WORK TO COMPLETE: Could you copy the data that follows exactly as written, but drop the pictures?

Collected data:
======
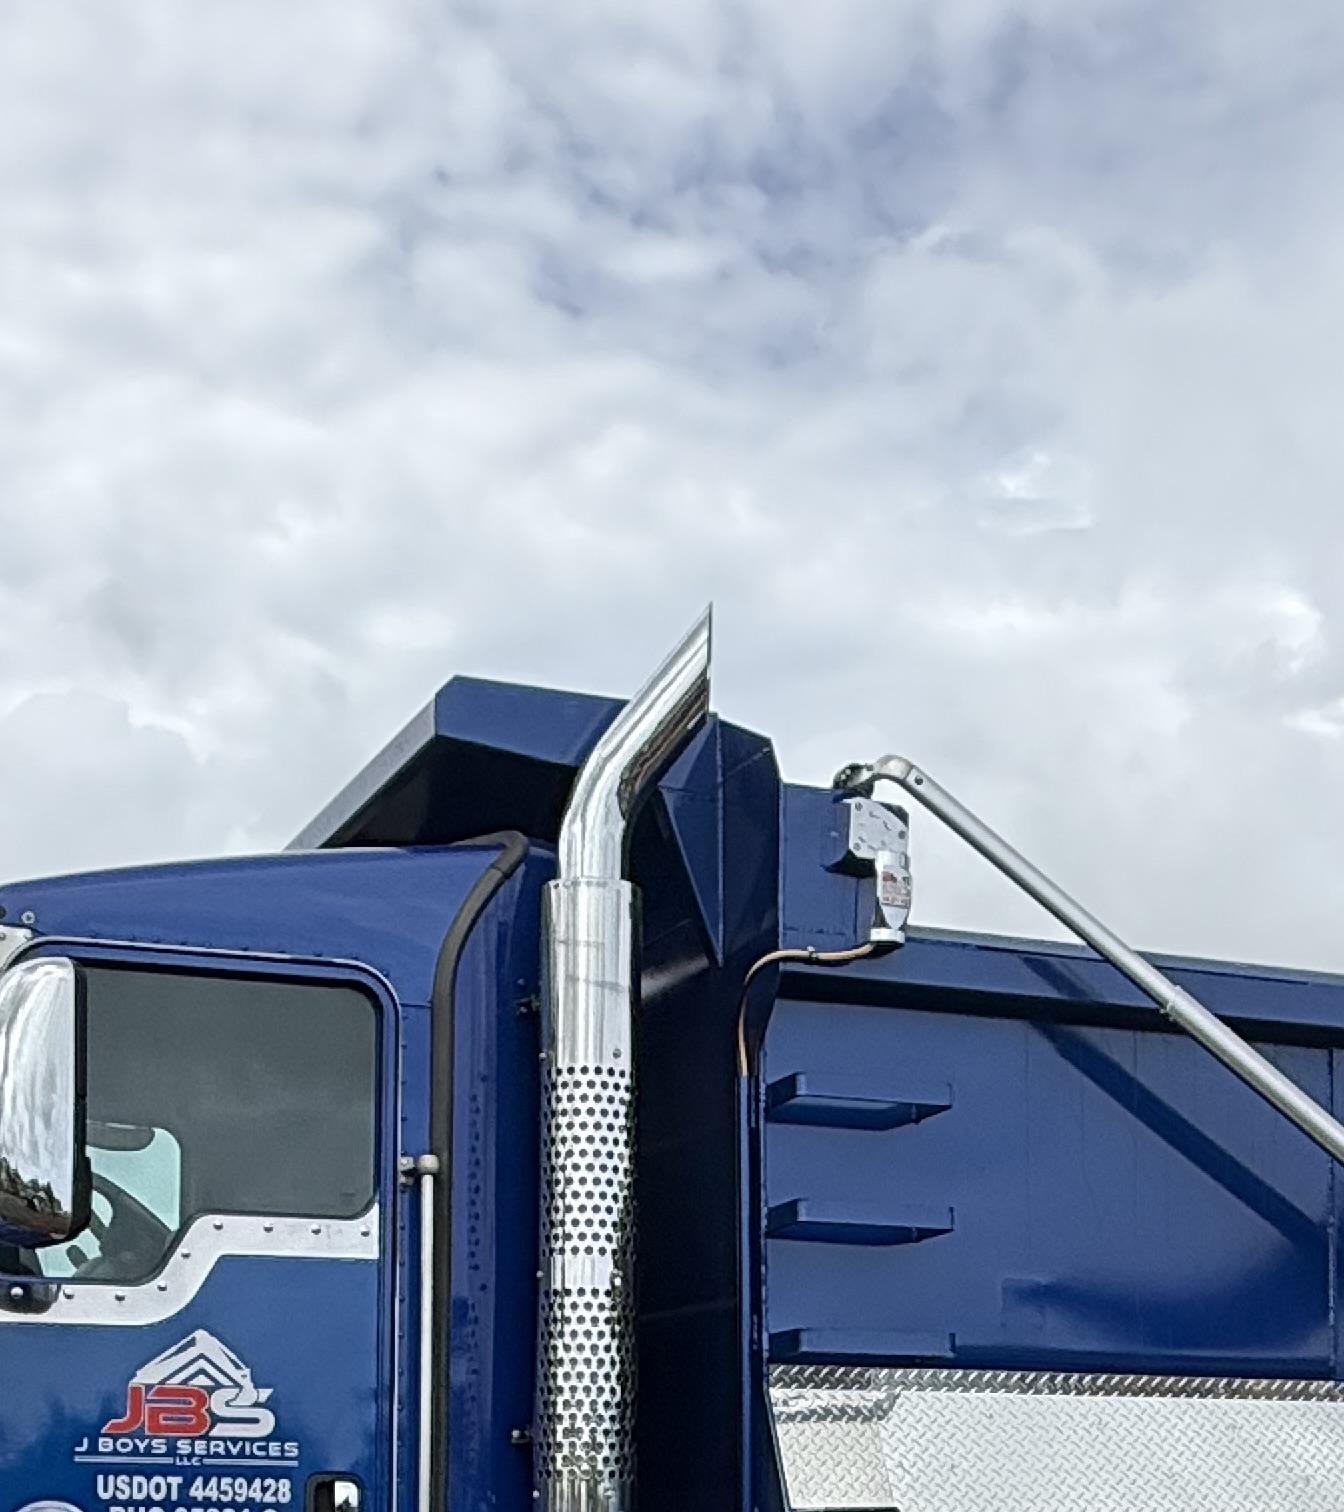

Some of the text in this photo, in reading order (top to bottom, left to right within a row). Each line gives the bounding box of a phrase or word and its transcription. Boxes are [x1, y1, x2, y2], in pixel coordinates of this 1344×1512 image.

[101, 1384, 276, 1438] JBS
[74, 1437, 300, 1458] J BOYS SERVICES
[174, 1456, 202, 1467] LLC
[96, 1474, 292, 1503] USDOT 4459428
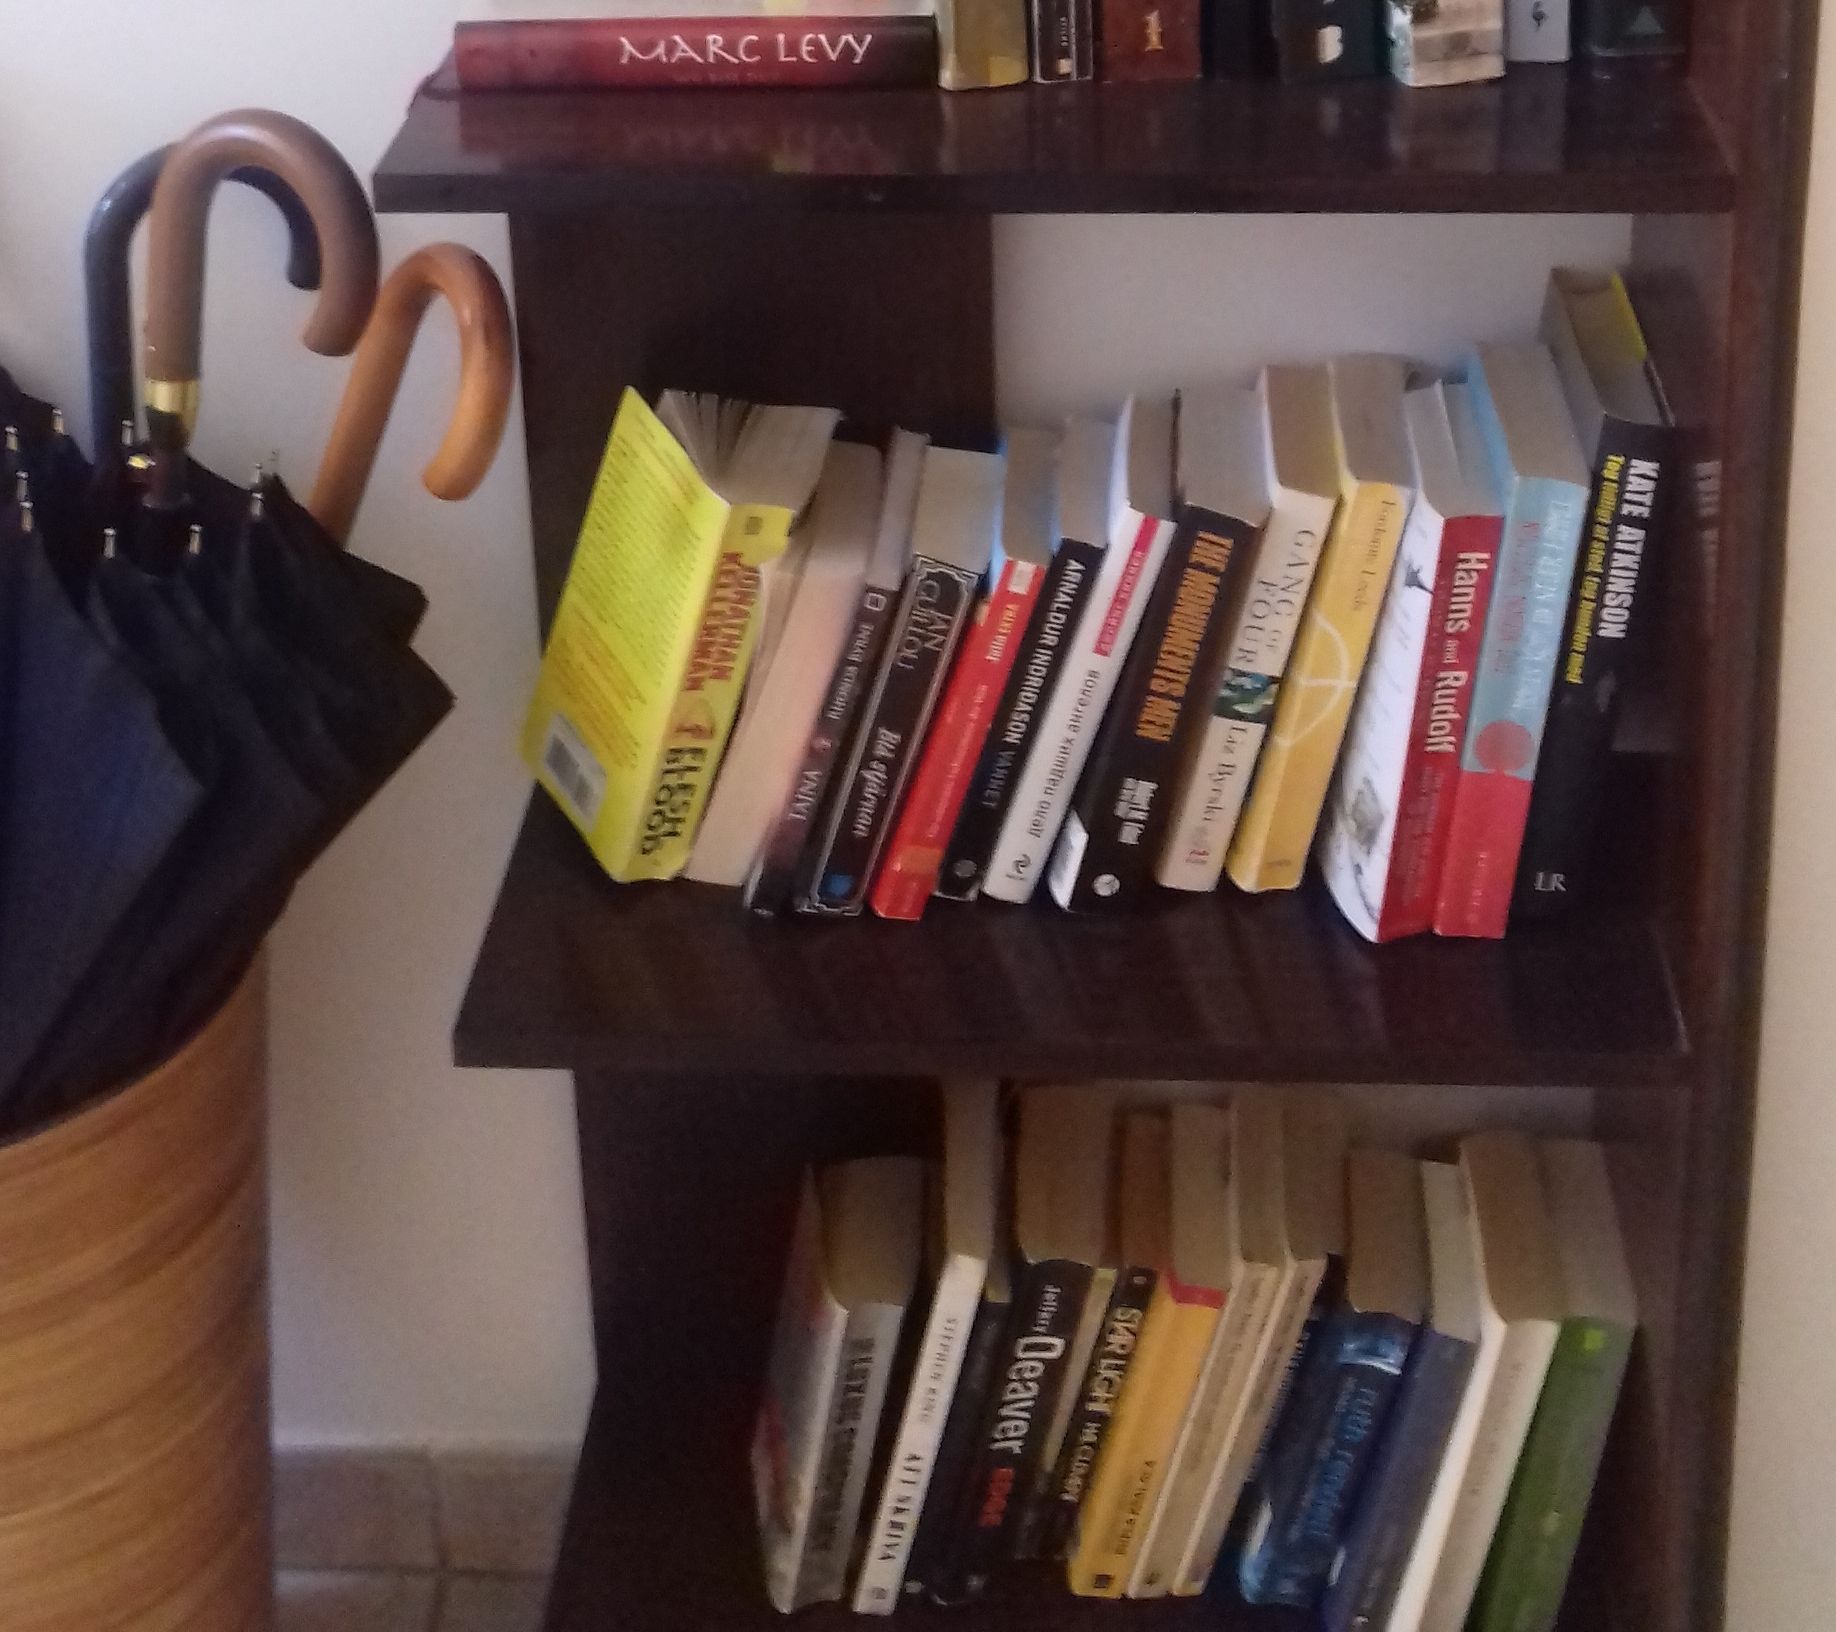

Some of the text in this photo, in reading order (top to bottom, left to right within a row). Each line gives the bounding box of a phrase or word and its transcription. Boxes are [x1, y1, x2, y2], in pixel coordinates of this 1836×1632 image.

[618, 31, 874, 65] MARC LEVY
[1189, 529, 1235, 573] THE
[1276, 529, 1316, 620] GANG
[1597, 458, 1661, 640] KATE ATKINSON
[922, 612, 952, 653] JAN
[1040, 558, 1086, 646] ARNALDUR
[1237, 578, 1279, 667] FOUR
[1445, 551, 1492, 635] Hanns
[1135, 695, 1183, 744] MEN
[1424, 670, 1469, 754] Rudolf
[988, 1335, 1066, 1455] Deaver
======
EXPECTED ANSWER:
Some of the text in this photo, in reading order (top to bottom, left to right within a row). Each line gives the bounding box of a phrase or word and its transcription. Boxes are [x1, y1, x2, y2], in pixel coordinates of this 1344×1512 image.

[101, 1384, 276, 1438] JBS
[74, 1437, 300, 1458] J BOYS SERVICES
[174, 1456, 202, 1467] LLC
[96, 1474, 292, 1503] USDOT 4459428

Some of the text in this photo, in reading order (top to bottom, left to right within a row). Each line gives the bounding box of a phrase or word and its transcription. Boxes are [x1, y1, x2, y2], in pixel coordinates of this 1836×1632 image.

[618, 31, 874, 65] MARC LEVY
[1189, 529, 1235, 573] THE
[1276, 529, 1316, 620] GANG
[1597, 458, 1661, 640] KATE ATKINSON
[922, 612, 952, 653] JAN
[1040, 558, 1086, 646] ARNALDUR
[1237, 578, 1279, 667] FOUR
[1445, 551, 1492, 635] Hanns
[1135, 695, 1183, 744] MEN
[1424, 670, 1469, 754] Rudolf
[988, 1335, 1066, 1455] Deaver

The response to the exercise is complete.